|Application:||Gene expression microarray analysis|
|Number of samples:||72|
|Release date:||May 30 2014|
|Last update date:||Aug 23 2018|
|Diseases:||Colitis, Neoplasms, Pneumonia, Aspiration, Alcohol-Induced Disorders|
|Dataset link||Pathological activation of canonical nuclear-factor kB by synergy of tumor necrosis factor alpha and TNF-like weak inducer of apoptosis in mouse acute colitis|
TNBS colitis was induced by intrarectal administration of a 2 % solution of TNBS in phosphate-buffered saline (PBS): ethanol (1:1).
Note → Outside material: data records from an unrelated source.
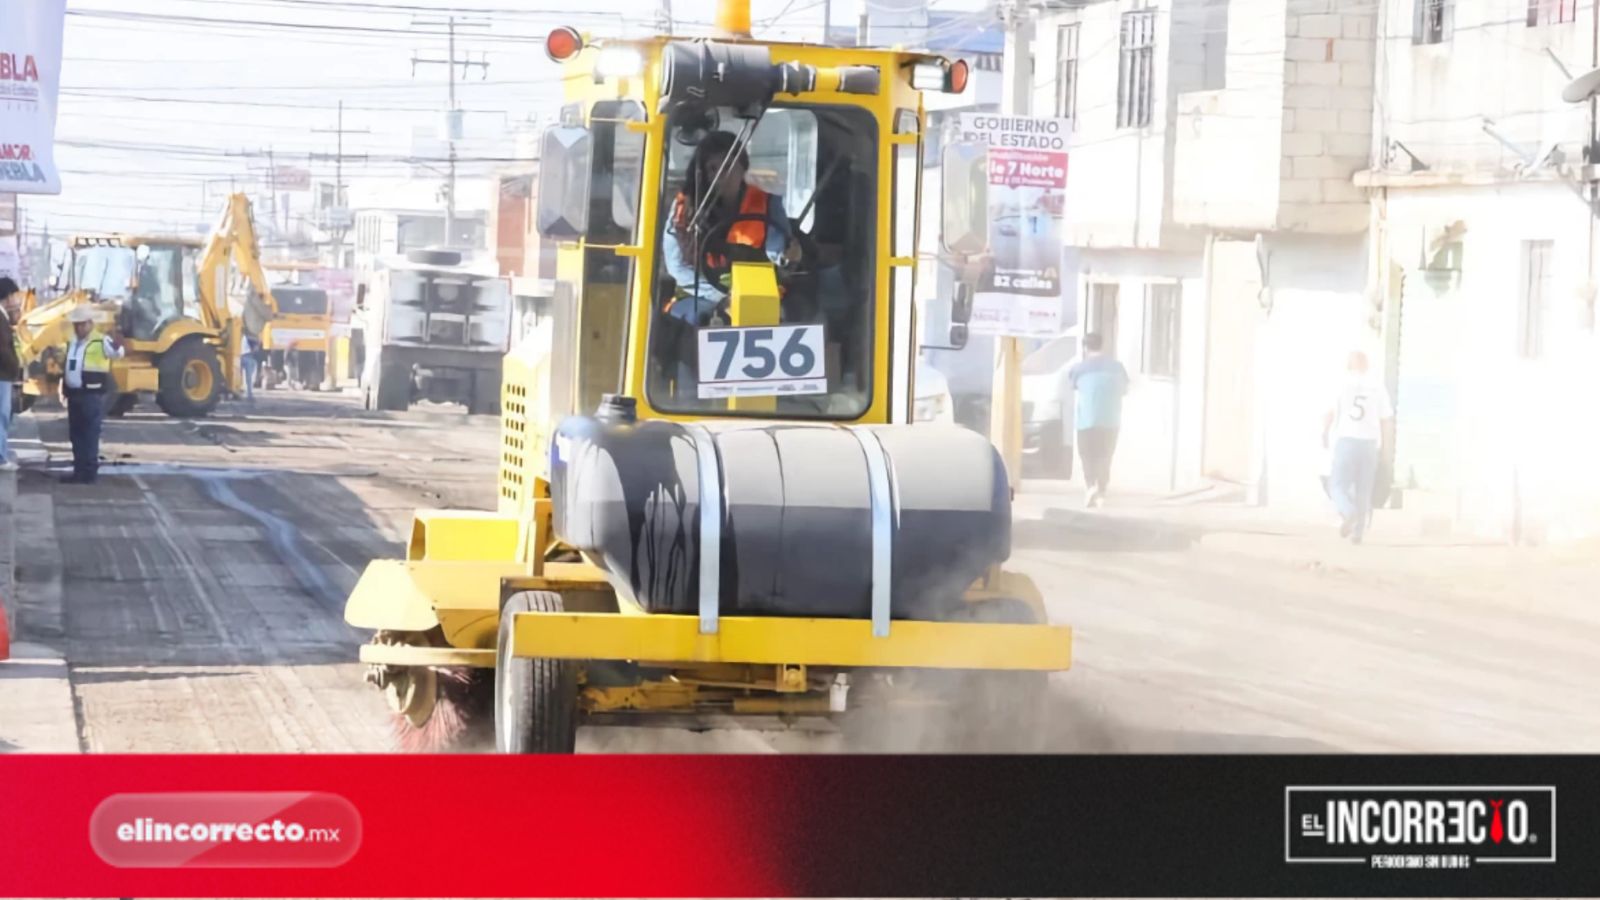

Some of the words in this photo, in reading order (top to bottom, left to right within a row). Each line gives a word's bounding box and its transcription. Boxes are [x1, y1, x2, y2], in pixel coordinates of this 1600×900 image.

[973, 116, 1059, 134] GOBIERNO
[1001, 133, 1063, 150] ESTADO
[1007, 160, 1017, 175] 7
[1020, 162, 1064, 178] Norte
[707, 327, 815, 380] 756
[1348, 394, 1368, 422] 5
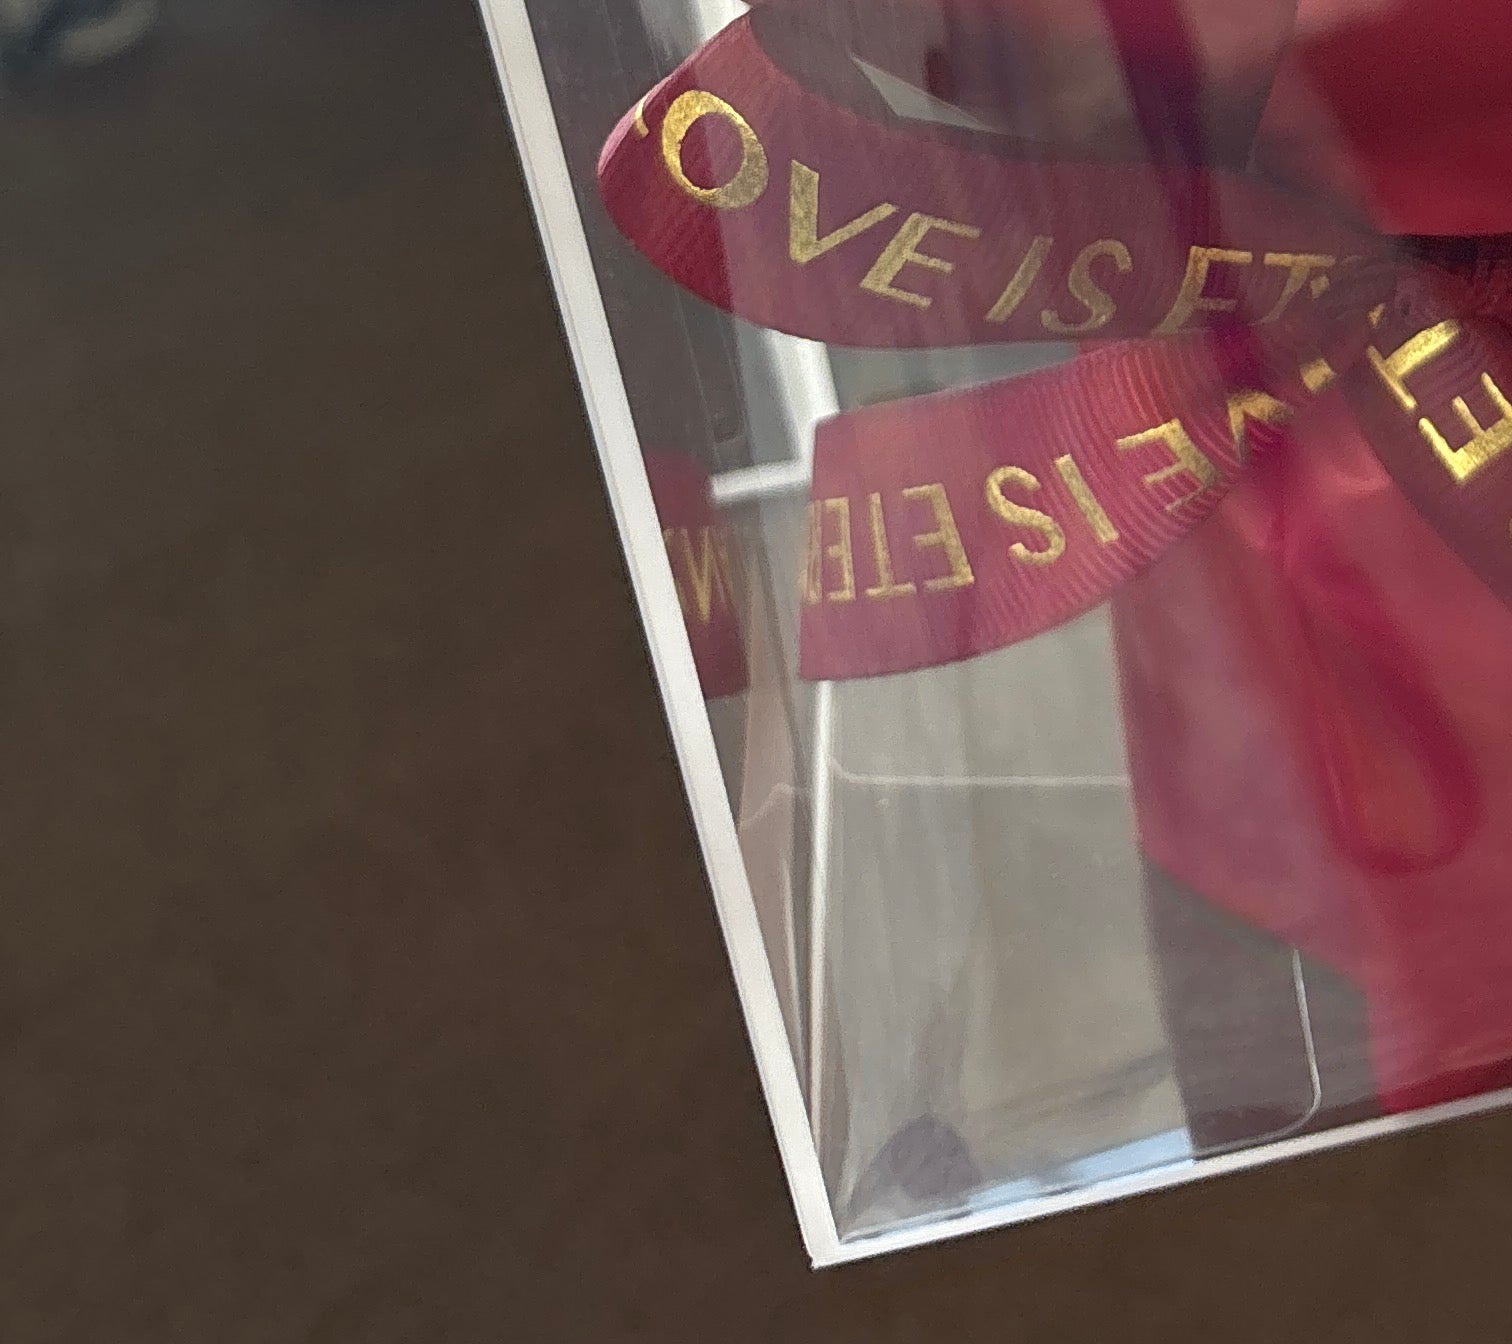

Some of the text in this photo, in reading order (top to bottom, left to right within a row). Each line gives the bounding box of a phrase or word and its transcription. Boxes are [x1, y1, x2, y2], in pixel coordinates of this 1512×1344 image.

[634, 88, 980, 310] OVE
[984, 234, 1135, 335] IS
[985, 452, 1121, 565] IS
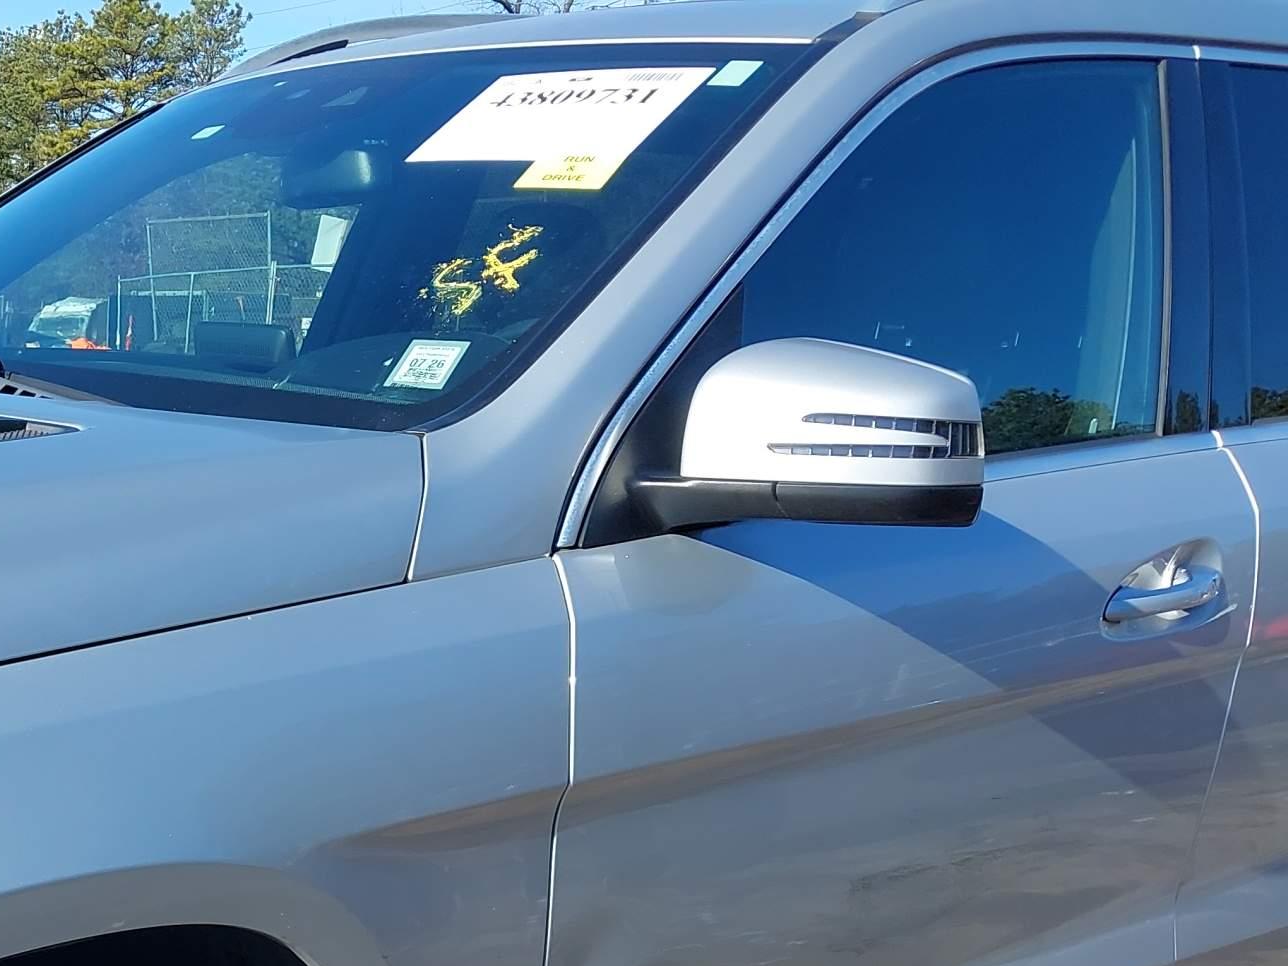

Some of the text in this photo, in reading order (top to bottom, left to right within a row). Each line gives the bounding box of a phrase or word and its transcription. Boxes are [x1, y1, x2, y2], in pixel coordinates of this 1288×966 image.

[489, 88, 660, 107] 43809731
[563, 155, 597, 163] RUN
[541, 174, 587, 182] DRIVE
[409, 358, 447, 369] 07 26
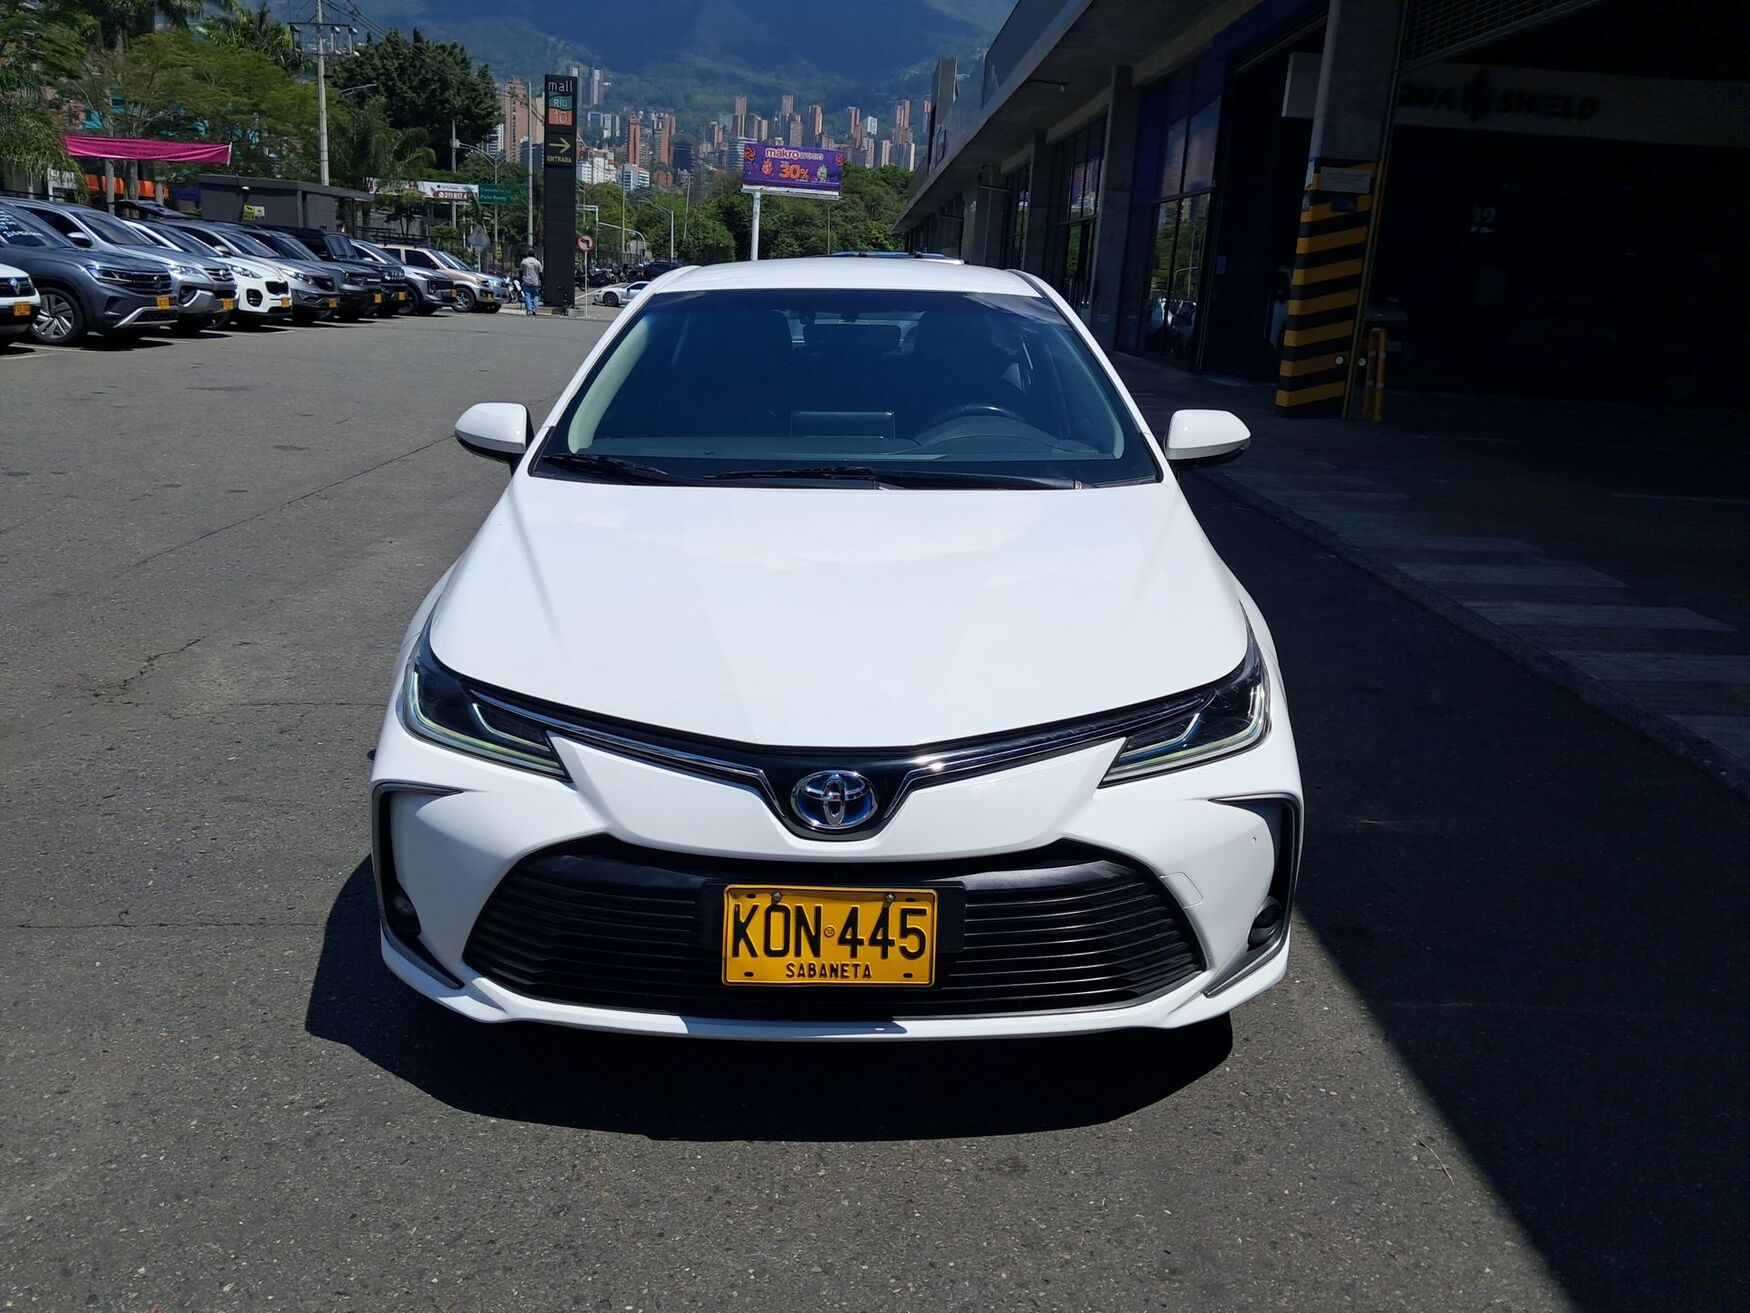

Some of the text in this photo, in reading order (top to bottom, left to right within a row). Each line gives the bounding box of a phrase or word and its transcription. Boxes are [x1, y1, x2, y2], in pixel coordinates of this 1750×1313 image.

[548, 80, 573, 92] mall
[1498, 90, 1600, 119] SHIELD
[547, 155, 571, 163] ENTRADA
[779, 163, 809, 180] 30%
[731, 904, 927, 960] KON 445
[785, 962, 873, 979] SABANETA
For acute inflammatory responses, 70 μg/g body weight of TNBS was given on day 0 and animals sacrificed on day 4. One hour prior to administration of TNBS, groups of mice were injected i.p. with the control IgG2a mAb (anti-human CD20) (10 mg/kg), TNFR-Ig (0.3 mg/kg), anti-TWEAK (mP2D10, 10 mg/kg), the combination of TNFR-Fc (0.3 mg/kg) and anti-TWEAK mP2D10 (10 mg/kg), or were untreated. For single agent and combination treatments groups, 0.3 mg/kg TNFR-Ig was employed, since 1 mg/kg of TNFR-Ig markedly ameliorated TNBS colitis but 0.3 mg/kg was much less effective as monitored by the effect on colon length and body weight. Colon tissue was rolled and snap-frozen in liquid nitrogen. Specimens for RNA extraction were cut from the frozen rolled colon. A set of experiments using 5-8 mice for each experimental group was performed twice, labelled 7 and 10 in the CEL files. Total number of mice for each experimental condition was as follows; untreated TNBS colitis group, 8; control antibody, 15; TNFR-Ig, 12; anti-TWEAK mAb, 14; combination of TNFR-Ig and anti-TWEAK mAb, 15.